Only text belongs in your copy of the listing below; reproduce it exactly and leave out the pictures.

##### SOURCE DATA #####

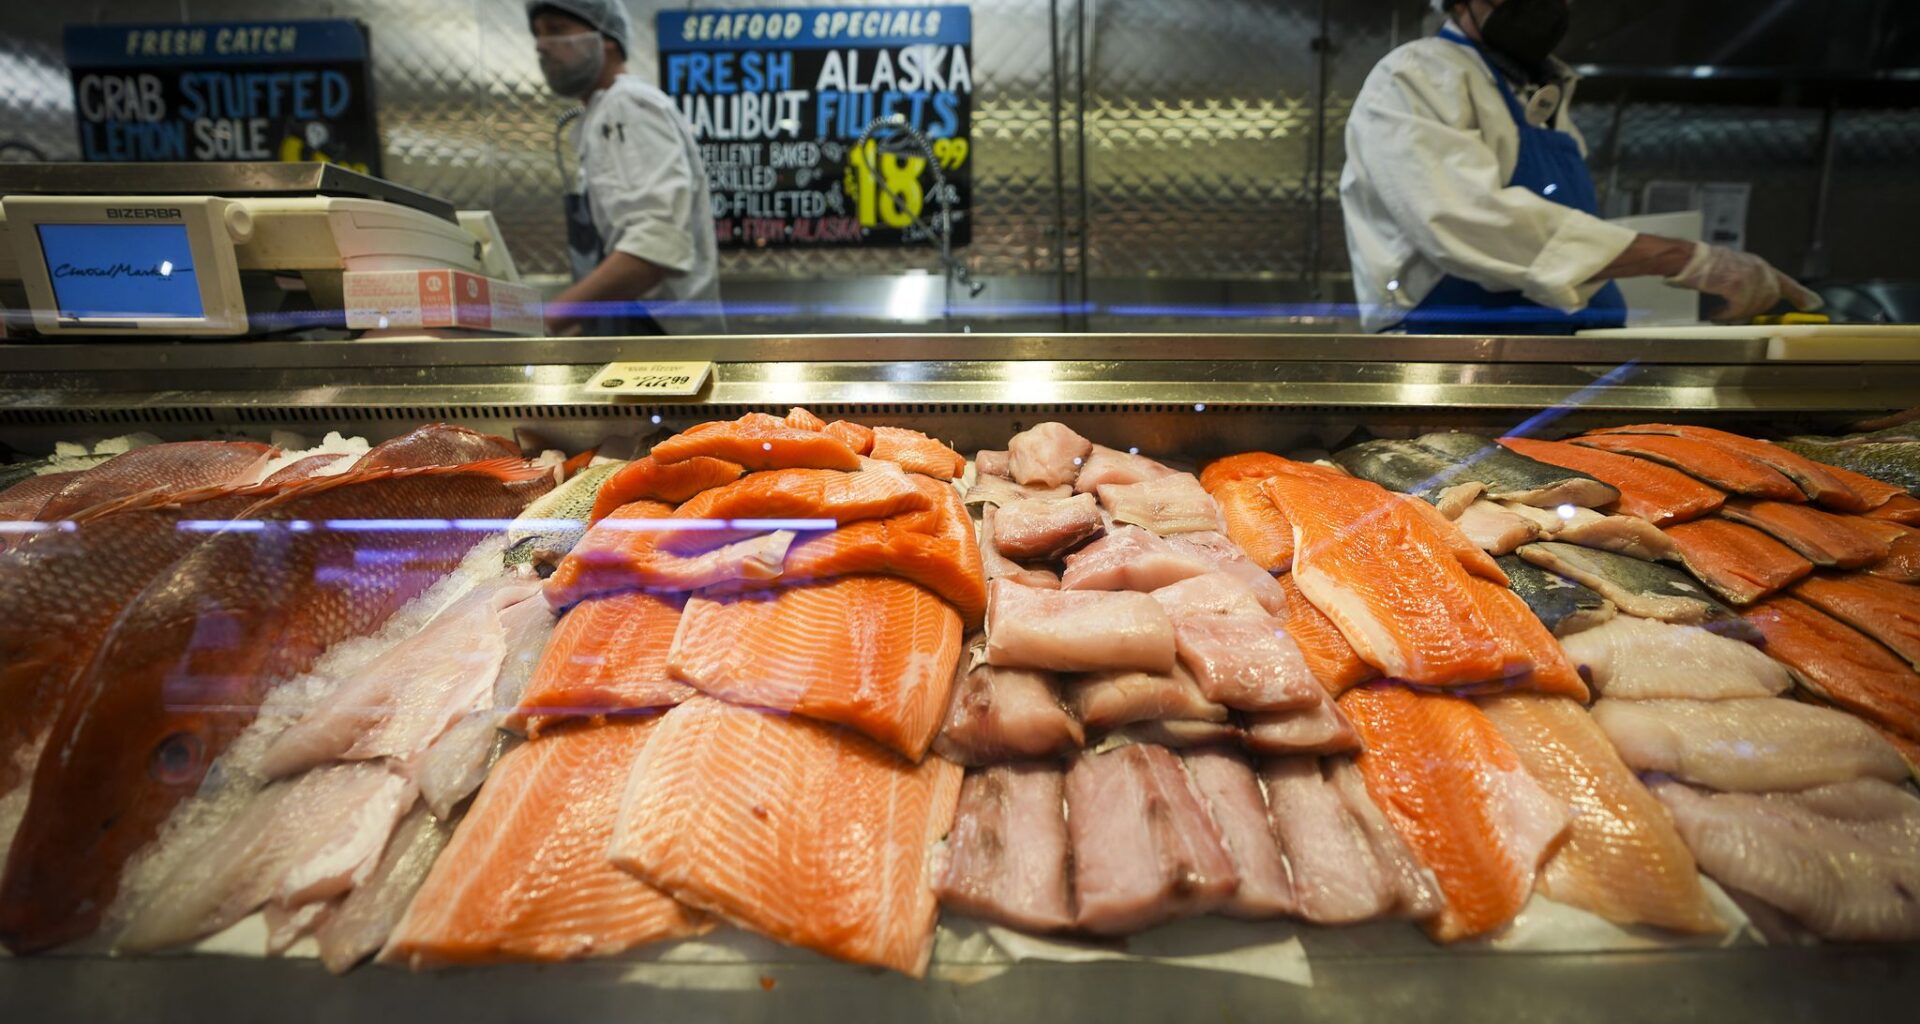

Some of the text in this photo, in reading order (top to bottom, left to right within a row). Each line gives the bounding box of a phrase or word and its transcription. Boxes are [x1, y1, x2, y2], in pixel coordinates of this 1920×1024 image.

[126, 26, 298, 55] FRESH CATCH
[682, 10, 942, 41] SEAFOOD SPECIALS
[667, 44, 972, 95] FRESH ALASKA
[79, 71, 350, 122] CRAB STUFFED
[816, 90, 960, 140] FILLETS
[82, 120, 187, 161] LEMON
[193, 118, 272, 160] SOLE
[701, 142, 821, 168] ELLENT BAKED
[106, 208, 182, 219] BIZERBA
[711, 190, 827, 218] D-FILLETED
[111, 262, 193, 281] Mark

#####

### RESPONSE AREA
Some of the text in this photo, in reading order (top to bottom, left to right within a row). Each line gives the bounding box of a phrase or word and its transcription. Boxes are [x1, y1, x2, y2], in pixel coordinates of this 1920×1024 image.

[126, 26, 298, 55] FRESH CATCH
[682, 10, 942, 41] SEAFOOD SPECIALS
[667, 44, 972, 95] FRESH ALASKA
[79, 71, 350, 122] CRAB STUFFED
[816, 90, 960, 140] FILLETS
[82, 120, 187, 161] LEMON
[193, 118, 272, 160] SOLE
[701, 142, 821, 168] ELLENT BAKED
[106, 208, 182, 219] BIZERBA
[711, 190, 827, 218] D-FILLETED
[111, 262, 193, 281] Mark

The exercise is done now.